Nation & World

Wisse explores mutations of Jewish power

5 min read

Scholar suggests that the uses of adversity bring mixed blessings

In August 70 A.D., a Roman soldier — part of an army storming the last redoubt of Jewish rebels — threw a burning stick onto the roof of the Second Temple. The sacred structure burned to the ground, bringing the uprising to an end.

That day also marked the first defeat in a series of Jewish rebellions against the Roman Empire that finally ended in 135 A.D., prompting a Jewish Diaspora that lasted nearly 2,000 years.

The fight to protect the temple and Jerusalem was famous for its brutality and for its democracy of anger: Jews of both sexes took up arms. By the time the temple burned at the end of a four-year siege, the city was surrounded by the bodies of 10,000 crucified Jews. (The name of the rebels survives in our common argot: zealots.)

If the Jewish rebellion led to a diaspora that lasted millennia, it also prompted a sea change in the nature of Judaism, said Ruth R. Wisse, Harvard College Professor and Martin Peretz Professor of Yiddish Literature.

An energetic commentator on Jewish culture, Wisse delivered a Humanities Center lecture this week (March 17) summarizing her new book, “Jews and Power” (Nextbook/Schoken, 2007).

About 100 listeners were on hand at the Barker Center’s Thompson Room for the talk, and for the spirited debate that followed — about Zionism, moral authority, the limits of liberalism, and the limits of self-defense (if any) among nations in an age of terror.

Before the destruction of the Second Temple in 70 A.D., Wisse said, Jews were martial, rebellious, and eager for statehood. Afterwards, they were a scattered people — devoid of power, she said, ambivalent about power, perpetually vulnerable, and (to survive) habitually accommodating to whatever governments they lived within.

The gap in attitudes that opened in 70 A.D. “cuts like a chasm between the before and after,” said Wisse.

The Jewish Diaspora turned Jewish culture inward, linking “its potency to moral strength” and not to the strength derived from nationhood: land, an army, and institutions of central authority.

Remnants of the martial spirit survived, said Wisse. The Seder, after all, concludes with an anachronistically defiant phrase, “Next year in Jerusalem.” But over the centuries Jewish culture became largely a model of tolerance, self-discipline, literacy, and accomplishment.

Wisse points out that almost a quarter of Nobel Prize winners have been Jewish, and that Jewish ideals of liberal decency anticipated the democratic ideals that emerged in the 18th century.

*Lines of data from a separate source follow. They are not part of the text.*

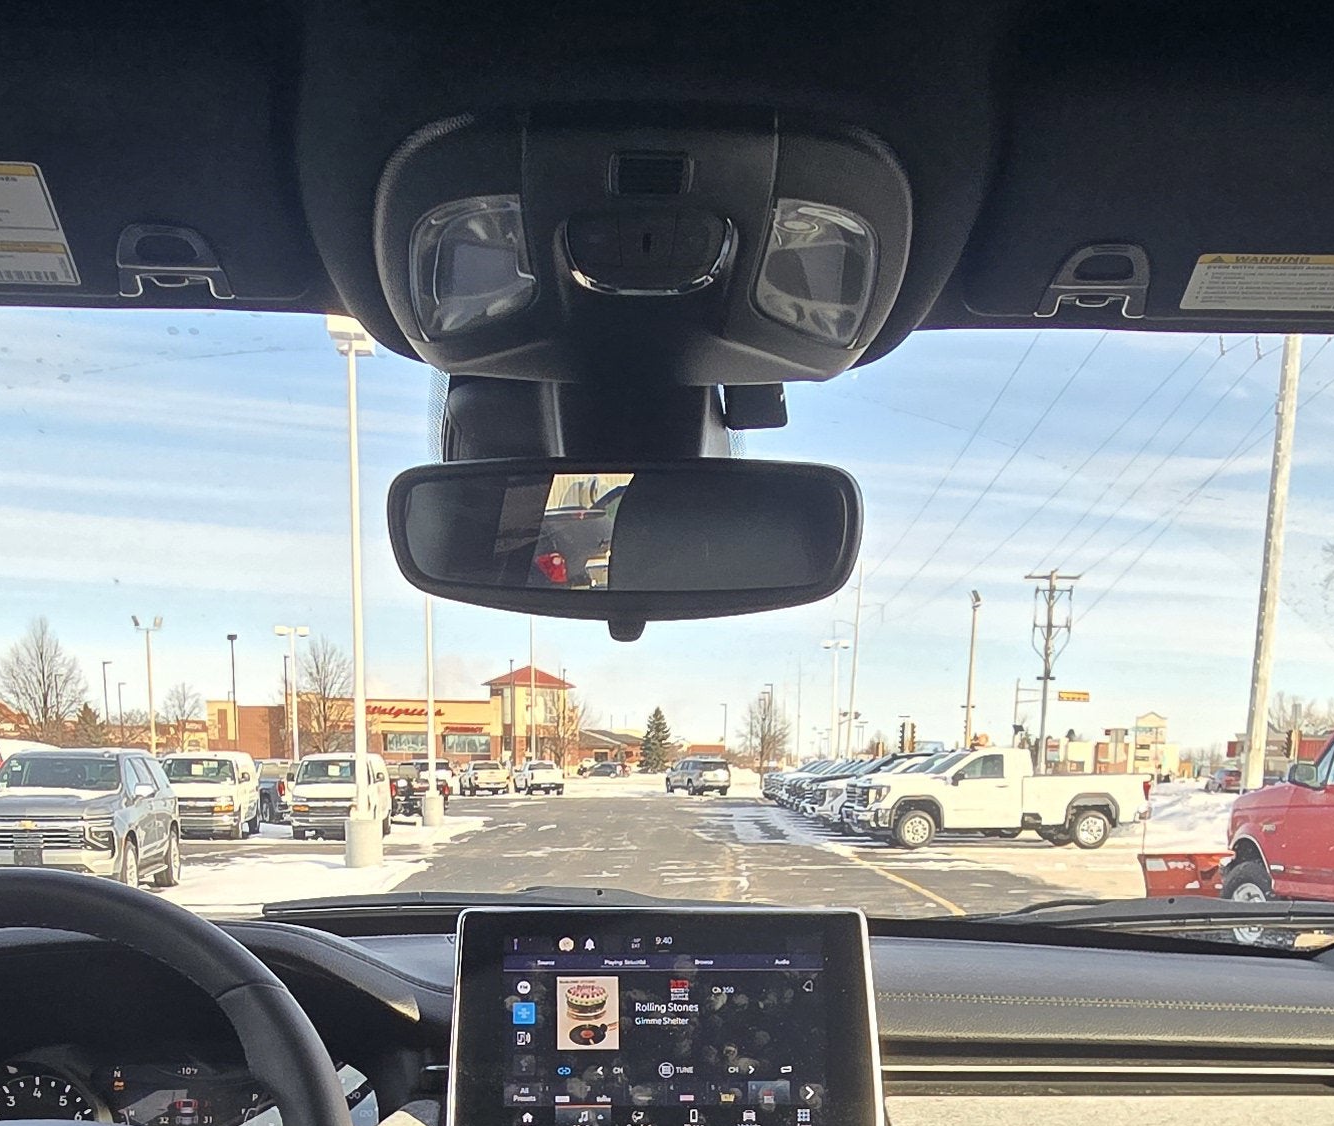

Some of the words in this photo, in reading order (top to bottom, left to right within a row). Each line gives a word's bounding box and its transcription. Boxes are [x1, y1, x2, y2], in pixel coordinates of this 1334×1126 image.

[1235, 255, 1310, 264] WARNING
[635, 1002, 667, 1014] Rolling
[668, 1002, 699, 1012] Stones
[635, 1017, 662, 1025] Gimme
[663, 1016, 689, 1025] Shelter
[33, 1088, 42, 1098] 4
[7, 1096, 16, 1107] 3
[58, 1095, 68, 1106] 5
[74, 1111, 82, 1120] 6
[203, 1116, 213, 1124] 31

Through the ages, Jews mastered skills and trades that made them valuable — “productive, helpful middlemen, supplying what others needed,” she said, “to compensate for political weakness with economic strength.”

Wisse said of centuries of scattered Jews, “They proved adept at living outside” the Holy Land.

Jews even adapted linguistically, Wisse pointed out, transforming Spanish, Italian, and other languages into rich Judeo-variants — linguistic proof of adaptation and accommodation. (Yiddish, written in Hebrew characters and spoken by 10 million Eastern European Jews by the early 20th century, is an amalgam of medieval German dialects.)

But the isolation and powerlessness occasioned by the Jewish Diaspora, posited Wisse, also developed in Jews a habit of submissiveness — even a veneration of weakness — that led them helplessly from one tragedy to another.

Any destabilizing political event, especially a popular uprising, could suddenly strip Jews of their local political protections, exposing them “to resentment and danger,” said Wisse. “They were very easy prey.”

After the Enlightenment, Jews also came to embody the uncomfortable realities of change — urbanization, secularism, and industrialization. By the 1870s, German pamphleteer Wilhelm Marr — who coined the term “anti-Semitism” — was darkly hinting that assimilation into German culture was “a Jewish plot.”

Hitler’s racial brand of anti-Semitism added “the eliminationist element,” said Wisse. (She and her family fled what is present-day Ukraine in 1940, just ahead of the invading Nazis.)

The Zionist movement to reformulate the Jewish state bore fruit in 1948 with the creation of modern Israel. But instead of the dream — to become a kind of Switzerland of the Middle East, said Wisse — Israel to this day is besieged.

From within, she said, Israel is besieged by self-doubt and moralistic introspection that sometimes makes the rigors of self-defense difficult.

From without, Israel is the target of the same “instrumentality of anti-Semitism” that developed in tandem with the Jewish Diaspora, said Wisse — and that has been “the cementing glue of pan-Arab politics since the 1940s.”

The backdrop to her lecture was a map of the Middle East. “It should be indelibly imprinted on the mind,” she asserted — proof that 22 Arab nations have 640 times more land than Israel, yet continue to blame the Jewish nation for the region’s poverty, unrest, and dysfunction.

“Peace will come to the Middle East,” said Wisse, “when Arab rulers accept responsibility for modernizing.”

As for peace for the Jews, she said, “I wish that had happened in Roman times.”